Anthropic’s December 2025 internal report on how its own engineers use AI tools paints a complicated picture of productivity gains, shifting workflows, and growing anxiety about long-term skill erosion.
The headline finding is striking: 27% of all Claude-assisted tasks were pieces of work that “would not have been done otherwise.”
It’s important to note that these weren’t trivial tasks. Engineers used AI to scale in-progress projects, revive abandoned ideas, and build nice-to-have internal tools like interactive dashboards, experimental pipelines, and data visualizations that previously weren’t worth the time investment.
Beyond just making existing work faster, AI is thus expanding the scope of what engineers can reasonably build at all. However, even as teams report increased output and greater “full-stack flexibility,” the report highlights the real concern growing inside Anthropic’s walls: engineers fear that the key skills they relied on to build their careers are slowly dulling.

Source: Anthropic’s How AI is transforming work at Anthropic study
Based on Anthropic’s internal survey on engineers and researchers, much of Claude’s workload today sits in familiar territory. The AI tool was used for a variety of coding tasks, with debugging being the most common (55%). This was followed by interpreting unfamiliar codebases, proposing refactors, fixing small “papercut” issues, and building internal tools or dashboards that would’ve been deprioritized in the pre-AI era.
The study notes that engineers are most comfortable delegating “easily verifiable or low-stakes tasks”, as errors are quickly detectable and corrections are cheap in such areas.
Moreover, AI’s responsibilities are already expanding beyond simple tasks. Engineers report using Claude for more complex work: code design and architectural planning jumped from 1% to 10% of usage, while implementing new features rose from 14% to 37%. In other words, AI transformed from becoming a mere assistant to a collaborator on a daily basis.
Anthropic engineers now use Claude in about 60% of their work, with many estimating roughly 50% more productivity than a year ago. But the study also presents a caveat, as there are still some people who reported a net increase in time spent debugging and cleaning up Claude-assisted coding tasks.
As the scope grows, so do the trade-offs—and they’re not just limited to time savings and quality of output.
Despite the surge in output, many engineers worry that AI is slowly eroding their foundational skills. With Claude handling more of the mundane work (and increasingly, the complex work), opportunities for hands-on practice shrink.
The result, they fear, is a creeping loss of deep craftsmanship. Some feel alienated from what used to be difficult yet fulfilling work, with one engineer even citing it as “skill atrophy”.
Others lament the loss of satisfaction itself, whether by manually writing, debugging, or refactoring code.
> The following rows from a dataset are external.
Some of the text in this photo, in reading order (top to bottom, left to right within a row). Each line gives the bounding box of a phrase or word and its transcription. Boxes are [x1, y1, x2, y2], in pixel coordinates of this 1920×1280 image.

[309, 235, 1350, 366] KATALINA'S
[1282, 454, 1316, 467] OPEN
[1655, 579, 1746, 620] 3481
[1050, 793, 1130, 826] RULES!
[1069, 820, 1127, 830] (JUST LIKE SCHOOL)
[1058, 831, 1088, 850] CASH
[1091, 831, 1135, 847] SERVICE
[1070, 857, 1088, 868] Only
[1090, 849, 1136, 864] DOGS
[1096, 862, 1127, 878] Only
Several are also concerned that their role will evolve into something narrower: supervising, validating, and editing AI-generated code rather than building things from scratch.
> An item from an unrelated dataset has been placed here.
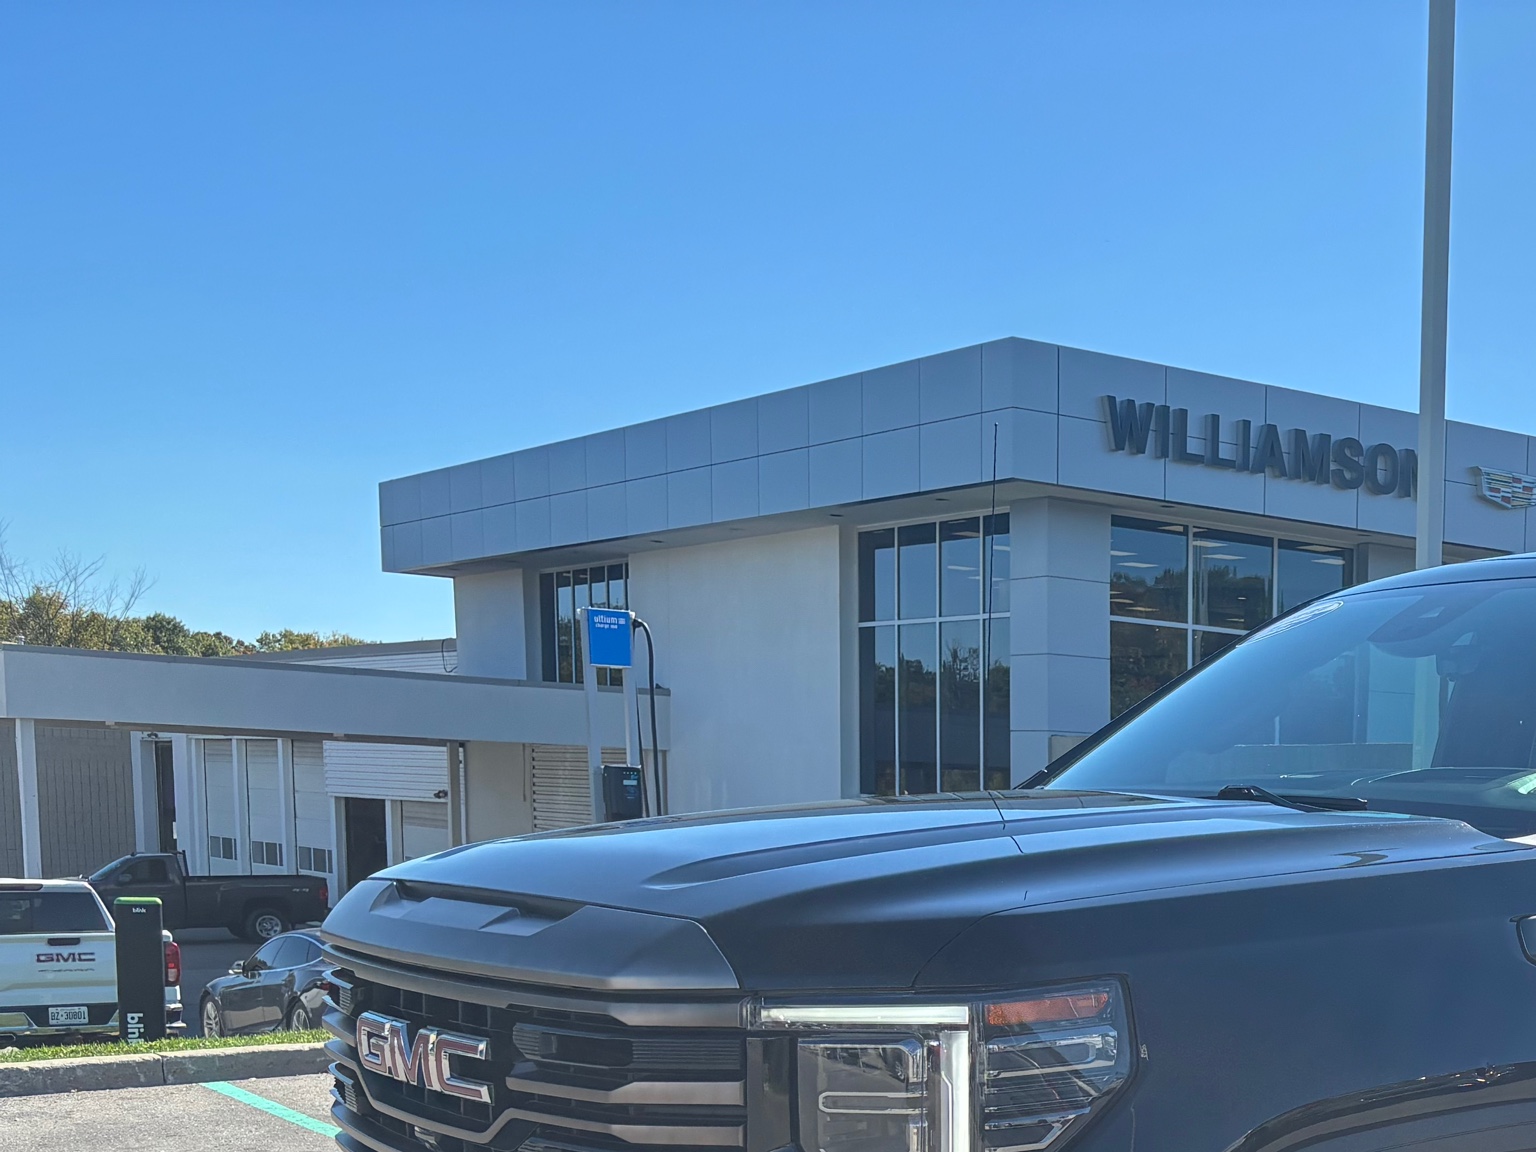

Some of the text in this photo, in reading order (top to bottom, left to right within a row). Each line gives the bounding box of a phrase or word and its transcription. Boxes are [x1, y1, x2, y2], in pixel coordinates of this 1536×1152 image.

[593, 615, 617, 624] ultium
[36, 952, 96, 963] GMC
[356, 1010, 492, 1104] GMC
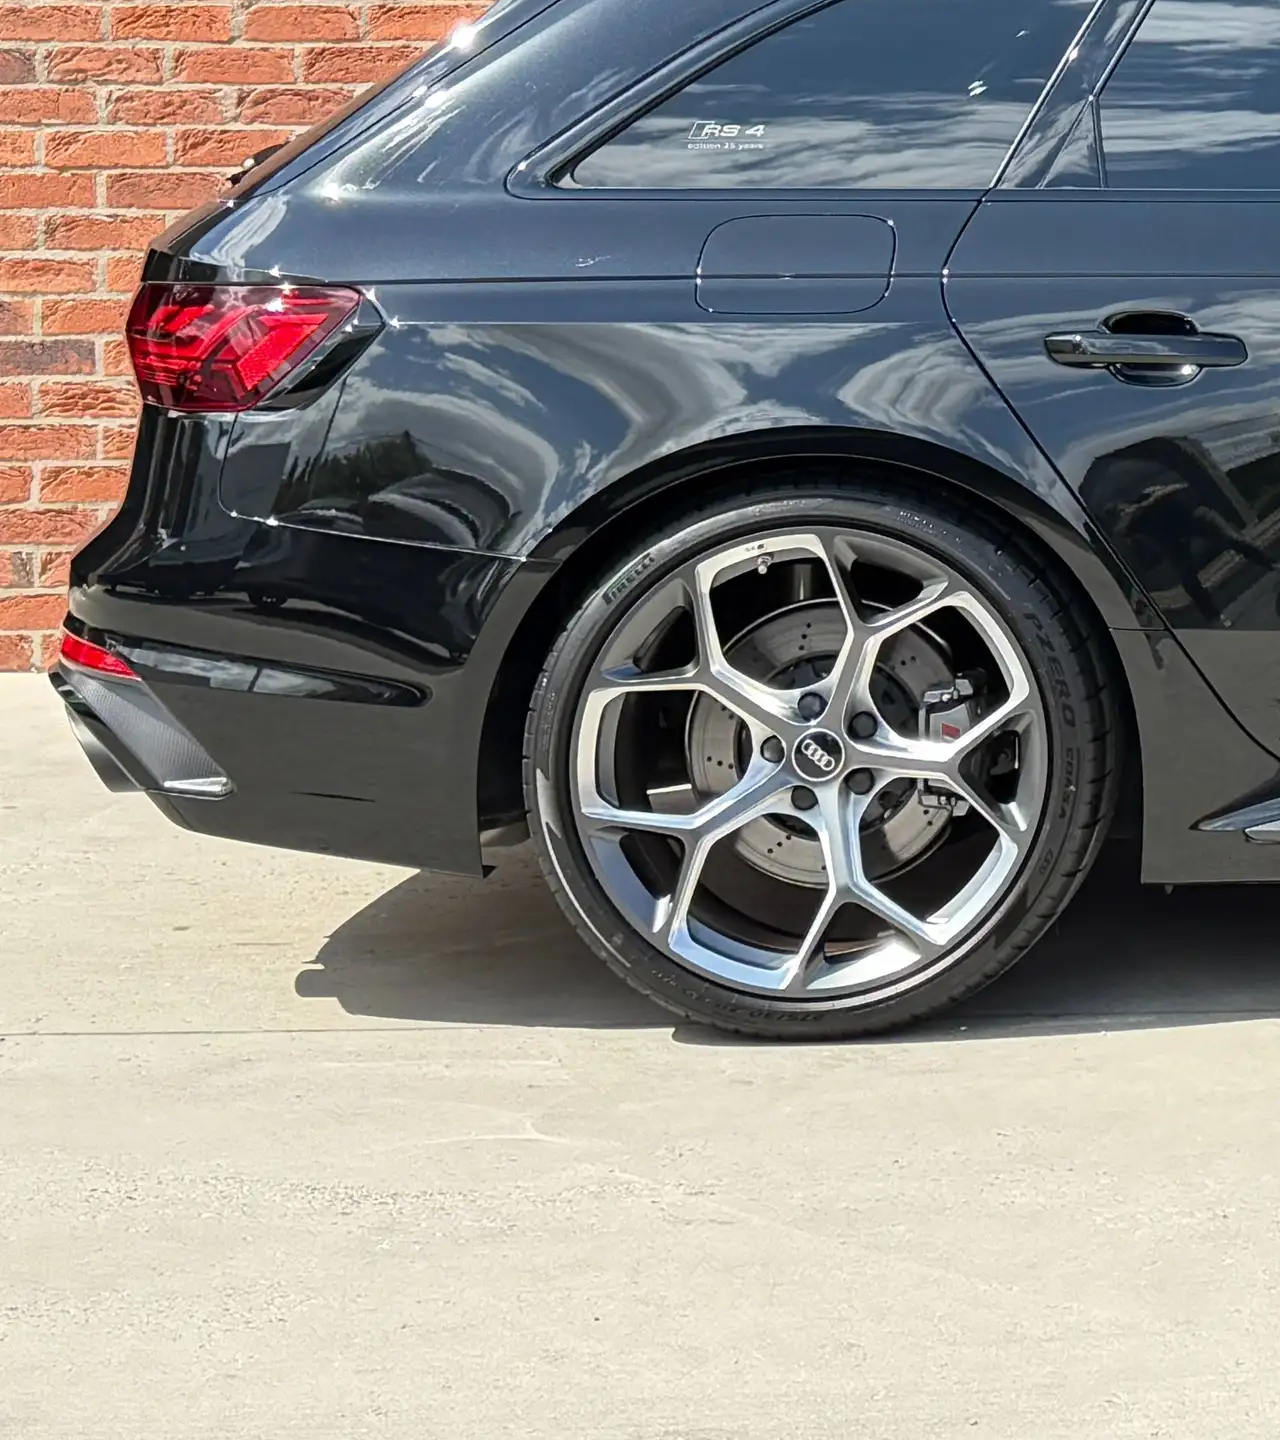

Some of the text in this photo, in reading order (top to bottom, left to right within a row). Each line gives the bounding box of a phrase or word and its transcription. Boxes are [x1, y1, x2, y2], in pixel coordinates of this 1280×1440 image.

One engineer said their work had shifted “70%+ to being a code reviewer/reviser rather than a net-new code writer.” Another imagined a future of “taking accountability for the work of 1, 5, or 100 Claudes.”

Another finding: this shift in workflow is also changing team dynamics. AI often becomes the “first stop,” reducing the need for peer collaboration, mentorship, and the serendipitous learning that comes from code reviews and engineering discussions. As one engineer put it in the study:
“I like working with people and it’s sad that I ‘need’ them less now… More junior people don’t come to me with questions as often.”
In essence, short-term productivity may be up, but the long-term trajectory of engineering careers feels less certain.
What’s happening at Anthropic is likely a preview of what many engineering teams will face over the next few years. As AI systems become more capable, tasks once considered essential training grounds—debugging, writing boilerplate, wrestling with unfamiliar codebases—may become automated or AI-assisted by default.
That could mean fewer opportunities for juniors to build core experience, widening the gap between “AI-supervising engineers” and “AI-agnostic” or traditional engineers. A previous analysis on vibe coding raised similar concerns about ownership, accountability, and eroding technical quality, in light of AI-generated errors and hallucinations requiring more effort to debug and clean up.
There are cultural risks, too, which can endanger the talent pipeline, from less pair programming to fewer mentorship loops. As more people work through an AI instead of through each other, institutional knowledge transfer could weaken and threaten the sustainability of companies and organizations.
All of these raise the question:
If Anthropic, one of the world’s most AI-native engineering teams, is already seeing skill dilution and collaboration drop, what will this mean for the rest of the industry?
In the end, this shift is neither purely good nor purely bad. AI opens doors to new types of work, faster iteration, and broader experimentation. But it also forces developers to reconsider what the core of their craft looks like in an era where writing code manually may become optional.